二人はリノアが叫んだところくらいからイナをずっと見ていた。
イブは気が済んだらしくもう一度脱衣所にテトテト行ってしまった。
「でも、良くもこんな芸当できるわね〜」
感心したように自分の元通りになった服を見つめて、しばらくしてからイナに言う。
「ん〜、アンディの服をいつもそうやって縫い合せてたからね〜」
と少し懐かしむような響きで呟くと、フォミニンと戻ってきたイブが食い付いてきた。
「そのアンディって子の事知りたいわね〜」
「うんうん」
「え、そんなに面白い話ってないよ〜?」
と二人の気に押され気味のイナが少し照れたように笑う。
どうしても聞きたい様でイナの肩を二人してがっちり掴んでいる。
「ん、そ、それじゃ〜、少しだけ話すね〜」
そう言って少し思い出すように眼を閉じた。
「アンディってね、とってもやんちゃの無鉄砲でね、傷ついた生き物が居れば魔物でも何でも手当てをして仲良くなって、いつも笑ってたよ。

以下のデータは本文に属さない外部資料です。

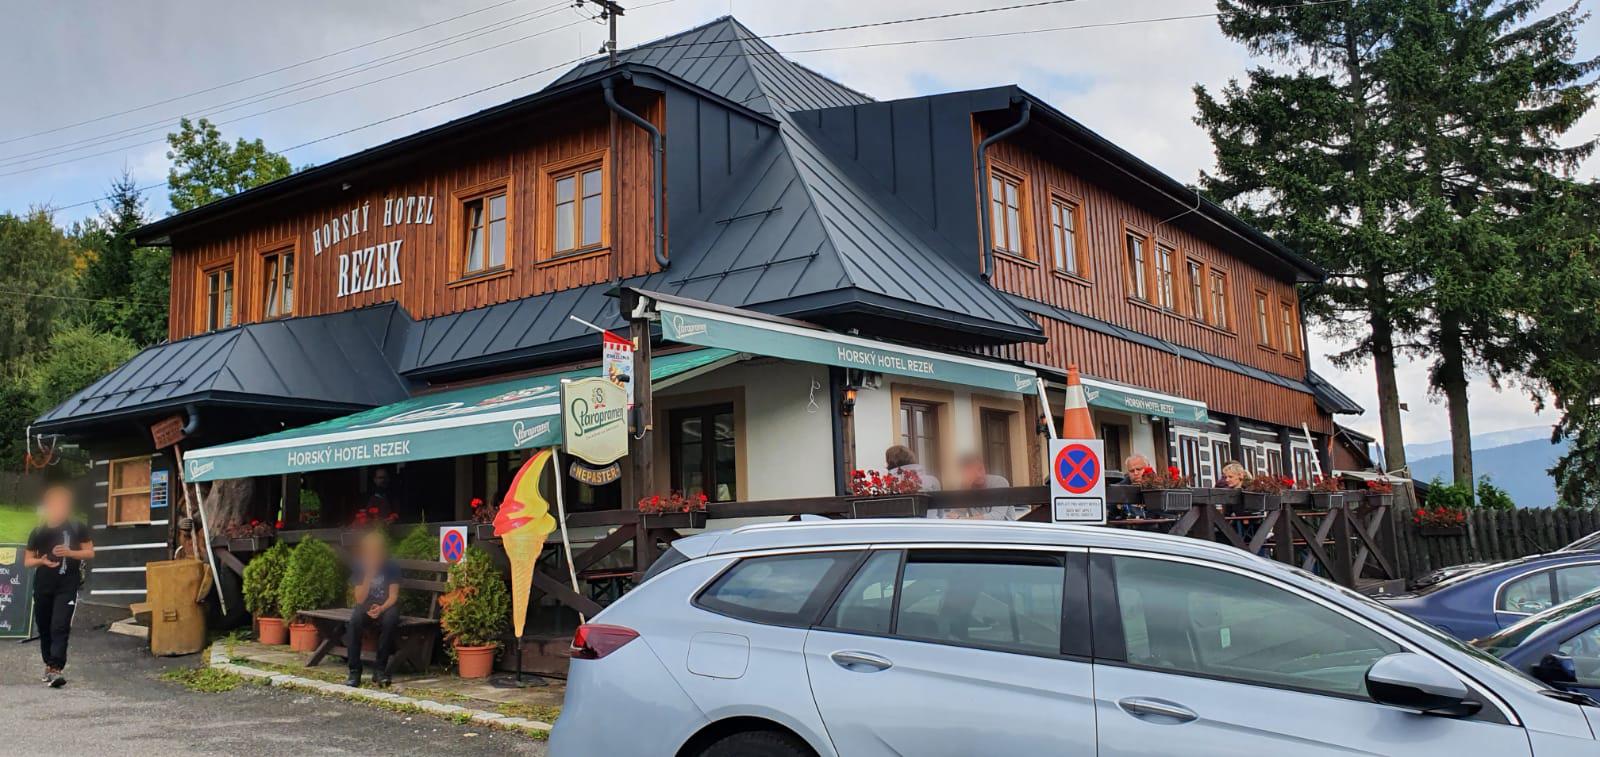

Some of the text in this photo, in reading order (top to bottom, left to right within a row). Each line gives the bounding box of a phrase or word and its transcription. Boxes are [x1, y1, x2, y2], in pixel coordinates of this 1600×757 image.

いつだったか、アンディが弟達を叱ってた事があったんだよ、それで、私が理由を聞いたら」
とそこでイナがプッと吹き出して笑うと、イブが待ちきれずにイナを急かす。
「聞いたら?」
「弟達ったら私を取り合いして喧嘩してたのを、アンディが横から『イナは僕の物だからお前達にはあげない』って言って、ずっとその理由を弟たちに正座させて聞かせてたの。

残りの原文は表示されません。